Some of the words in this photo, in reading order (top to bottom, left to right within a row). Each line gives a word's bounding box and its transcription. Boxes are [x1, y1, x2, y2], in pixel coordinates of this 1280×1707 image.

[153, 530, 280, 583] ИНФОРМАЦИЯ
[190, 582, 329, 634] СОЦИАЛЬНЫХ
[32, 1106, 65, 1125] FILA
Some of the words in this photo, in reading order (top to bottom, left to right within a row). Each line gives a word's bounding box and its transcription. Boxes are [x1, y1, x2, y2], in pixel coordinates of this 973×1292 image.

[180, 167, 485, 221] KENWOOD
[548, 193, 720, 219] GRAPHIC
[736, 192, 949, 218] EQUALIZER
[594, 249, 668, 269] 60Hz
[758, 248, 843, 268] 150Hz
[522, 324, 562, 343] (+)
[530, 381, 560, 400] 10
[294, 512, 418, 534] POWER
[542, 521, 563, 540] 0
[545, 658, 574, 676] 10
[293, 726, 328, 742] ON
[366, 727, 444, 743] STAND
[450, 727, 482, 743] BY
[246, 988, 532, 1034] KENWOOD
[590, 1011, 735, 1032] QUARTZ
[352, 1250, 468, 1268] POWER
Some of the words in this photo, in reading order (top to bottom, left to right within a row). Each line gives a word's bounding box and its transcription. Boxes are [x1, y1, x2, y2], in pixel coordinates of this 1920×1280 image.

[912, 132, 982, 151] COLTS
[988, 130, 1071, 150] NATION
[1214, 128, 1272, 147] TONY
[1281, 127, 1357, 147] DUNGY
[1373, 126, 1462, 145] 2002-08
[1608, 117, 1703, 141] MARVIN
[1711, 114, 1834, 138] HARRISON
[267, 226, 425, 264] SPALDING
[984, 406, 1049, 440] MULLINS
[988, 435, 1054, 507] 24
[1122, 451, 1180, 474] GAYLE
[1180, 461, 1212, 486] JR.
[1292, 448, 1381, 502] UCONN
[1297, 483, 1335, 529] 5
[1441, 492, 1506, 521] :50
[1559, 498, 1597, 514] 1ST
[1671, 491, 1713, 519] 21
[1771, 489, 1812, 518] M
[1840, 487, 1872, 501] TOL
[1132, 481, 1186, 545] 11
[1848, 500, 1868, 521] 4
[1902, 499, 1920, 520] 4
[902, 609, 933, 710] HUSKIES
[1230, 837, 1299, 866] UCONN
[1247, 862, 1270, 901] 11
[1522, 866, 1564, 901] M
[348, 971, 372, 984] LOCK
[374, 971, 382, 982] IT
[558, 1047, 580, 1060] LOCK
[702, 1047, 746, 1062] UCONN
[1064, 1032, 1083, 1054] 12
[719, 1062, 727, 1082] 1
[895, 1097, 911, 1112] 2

+++++

WORK ITEM:
A verbatim reproduction of all the records above is the expected answer.

WRITTEN ANSWER:
Some of the words in this photo, in reading order (top to bottom, left to right within a row). Each line gives a word's bounding box and its transcription. Boxes are [x1, y1, x2, y2], in pixel coordinates of this 1280×1707 image.

[153, 530, 280, 583] ИНФОРМАЦИЯ
[190, 582, 329, 634] СОЦИАЛЬНЫХ
[32, 1106, 65, 1125] FILA
Some of the words in this photo, in reading order (top to bottom, left to right within a row). Each line gives a word's bounding box and its transcription. Boxes are [x1, y1, x2, y2], in pixel coordinates of this 973×1292 image.

[180, 167, 485, 221] KENWOOD
[548, 193, 720, 219] GRAPHIC
[736, 192, 949, 218] EQUALIZER
[594, 249, 668, 269] 60Hz
[758, 248, 843, 268] 150Hz
[522, 324, 562, 343] (+)
[530, 381, 560, 400] 10
[294, 512, 418, 534] POWER
[542, 521, 563, 540] 0
[545, 658, 574, 676] 10
[293, 726, 328, 742] ON
[366, 727, 444, 743] STAND
[450, 727, 482, 743] BY
[246, 988, 532, 1034] KENWOOD
[590, 1011, 735, 1032] QUARTZ
[352, 1250, 468, 1268] POWER
Some of the words in this photo, in reading order (top to bottom, left to right within a row). Each line gives a word's bounding box and its transcription. Boxes are [x1, y1, x2, y2], in pixel coordinates of this 1920×1280 image.

[912, 132, 982, 151] COLTS
[988, 130, 1071, 150] NATION
[1214, 128, 1272, 147] TONY
[1281, 127, 1357, 147] DUNGY
[1373, 126, 1462, 145] 2002-08
[1608, 117, 1703, 141] MARVIN
[1711, 114, 1834, 138] HARRISON
[267, 226, 425, 264] SPALDING
[984, 406, 1049, 440] MULLINS
[988, 435, 1054, 507] 24
[1122, 451, 1180, 474] GAYLE
[1180, 461, 1212, 486] JR.
[1292, 448, 1381, 502] UCONN
[1297, 483, 1335, 529] 5
[1441, 492, 1506, 521] :50
[1559, 498, 1597, 514] 1ST
[1671, 491, 1713, 519] 21
[1771, 489, 1812, 518] M
[1840, 487, 1872, 501] TOL
[1132, 481, 1186, 545] 11
[1848, 500, 1868, 521] 4
[1902, 499, 1920, 520] 4
[902, 609, 933, 710] HUSKIES
[1230, 837, 1299, 866] UCONN
[1247, 862, 1270, 901] 11
[1522, 866, 1564, 901] M
[348, 971, 372, 984] LOCK
[374, 971, 382, 982] IT
[558, 1047, 580, 1060] LOCK
[702, 1047, 746, 1062] UCONN
[1064, 1032, 1083, 1054] 12
[719, 1062, 727, 1082] 1
[895, 1097, 911, 1112] 2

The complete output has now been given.